Badema (born 1965) is a Chinese actress and singer of Mongolian ethnicity best known for her role in Norjmaa, which earned her a Best Actress Award in the 30th Golden Rooster Awards.

Biography
Badema was born in Ejin Banner, Alxa League, Inner Mongolia in 1965, to a family of singers. She attended literary and artistic activities since she was a teenager, and she is good at traditional Mongolian folk long song. In 1989 she graduated from Central Conservatory of Music, majoring in vocal music.

Career
Badema's first leading role came with Ulrike Ottinger's 1989 West German drama film Joan of Arc of Mongolia, alongside Irm Hermann and Peter Kern. The movie was entered into the 39th Berlin International Film Festival. In 2017 it screened for a week at the Museum of Modern Art. The movie talks about "a group of cosmopolitan women passengers aboard the Trans-Siberian/Mongolian Railway," who are taken captive by the warrior princess Ulan Iga.

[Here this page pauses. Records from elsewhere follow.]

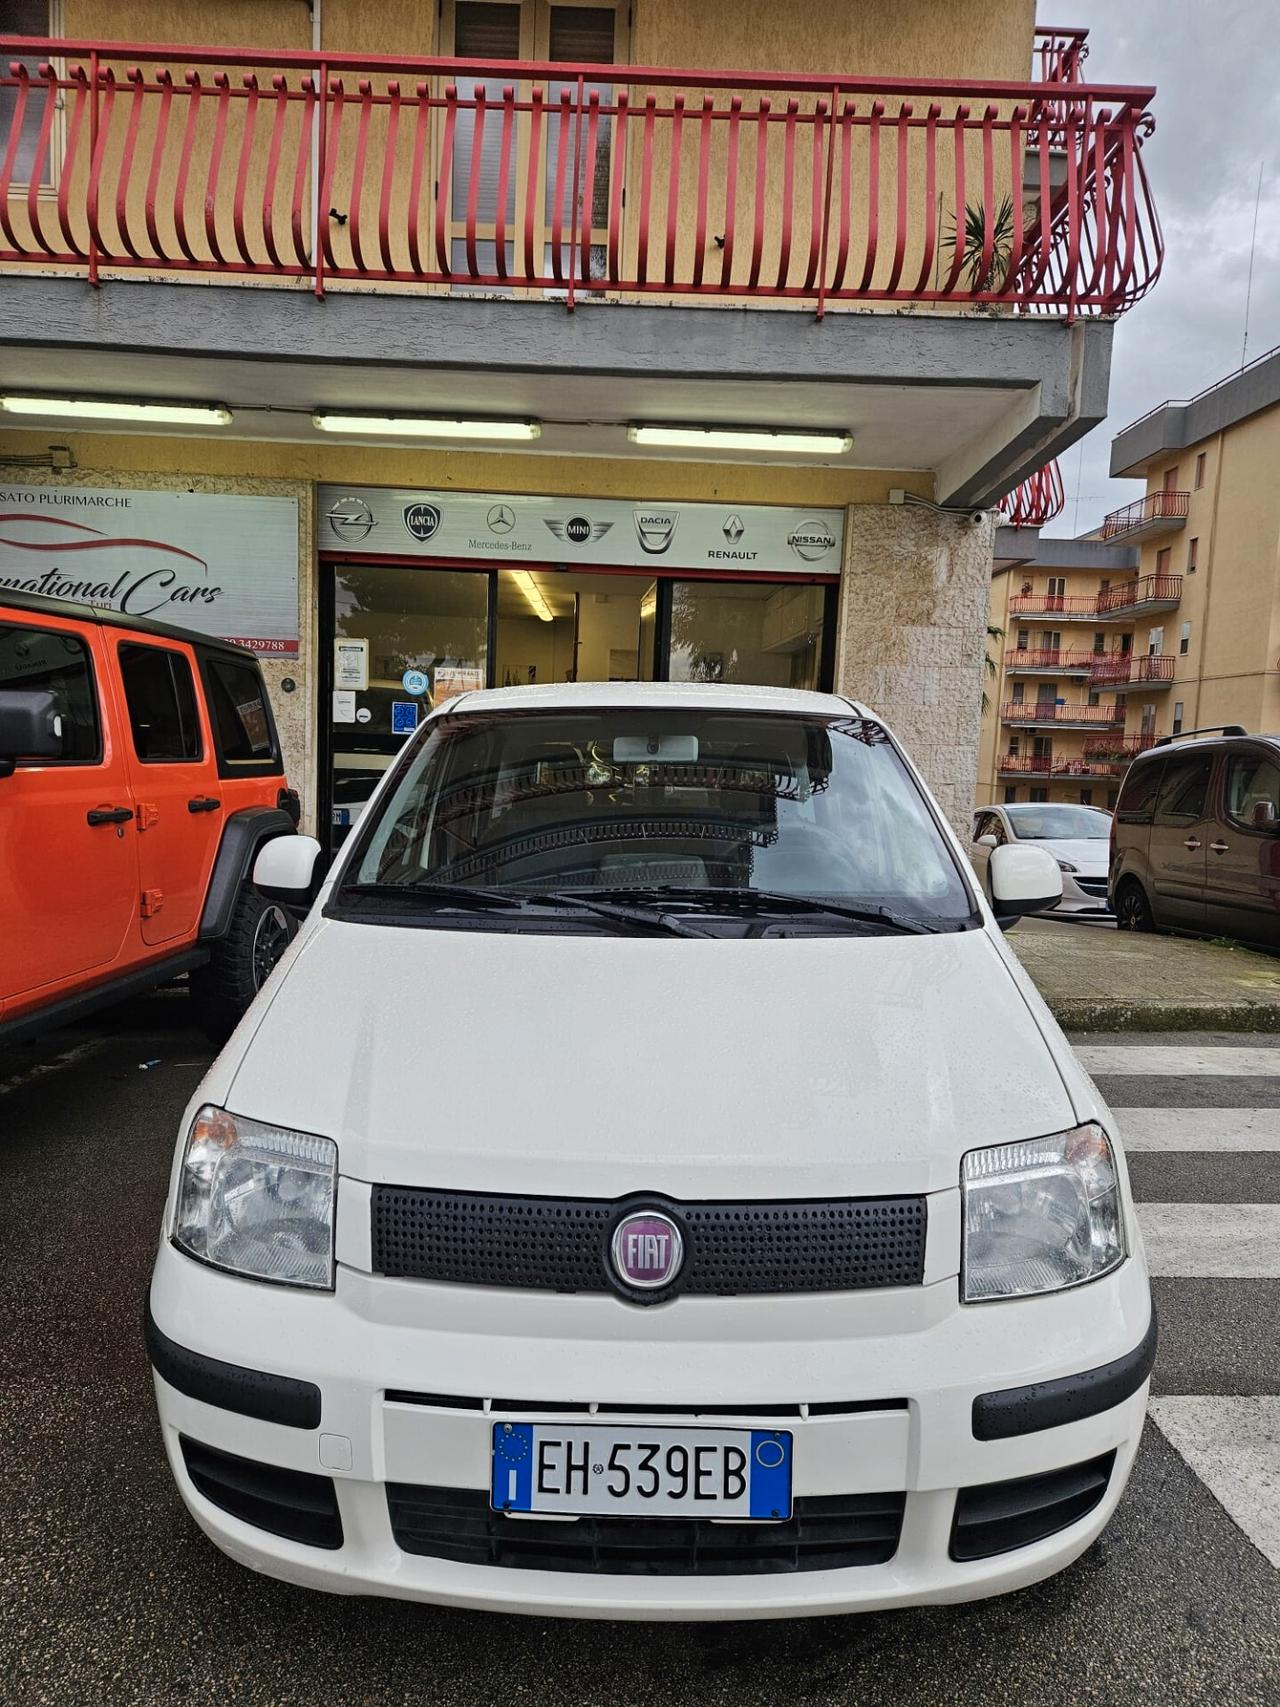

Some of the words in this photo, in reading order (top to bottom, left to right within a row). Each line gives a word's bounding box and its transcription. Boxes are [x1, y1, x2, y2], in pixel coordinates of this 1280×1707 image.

[0, 493, 35, 504] SATO
[39, 493, 133, 508] PLURIMARCHE
[410, 515, 435, 527] LANCIA
[640, 516, 671, 525] DACIA
[567, 525, 590, 535] MINI
[468, 539, 533, 551] Mercedes-Benz
[791, 535, 832, 545] NISSAN
[707, 550, 759, 560] RENAULT
[0, 567, 130, 598] national
[120, 568, 225, 616] Cars
[627, 1234, 669, 1269] FIAT

In 2013 she played Pagma in Nikita Mikhalkov's 1991 movie Urga (released in north America as Close to Eden). The movie was well received, and won the Golden Lion at the Venice Film Festival and Best European Film at the European Film Awards. It was also nominated for an Academy Award for Best Foreign Film, and for a Golden Globe in the same category. The movie tells about Gombo, his wife (Badema), and their family, and of their friendship with stranded Russian truck driver Sergei.

In 1997 she was in Wei Lu's Journey to Western Xia Empire, and in 2005 she played Bilike's mother in Ning Hao's Mongolian Ping Pong. In 2008 she played the title role in Bayin's Last Princess of Royal Blood: Tsetsenhangru.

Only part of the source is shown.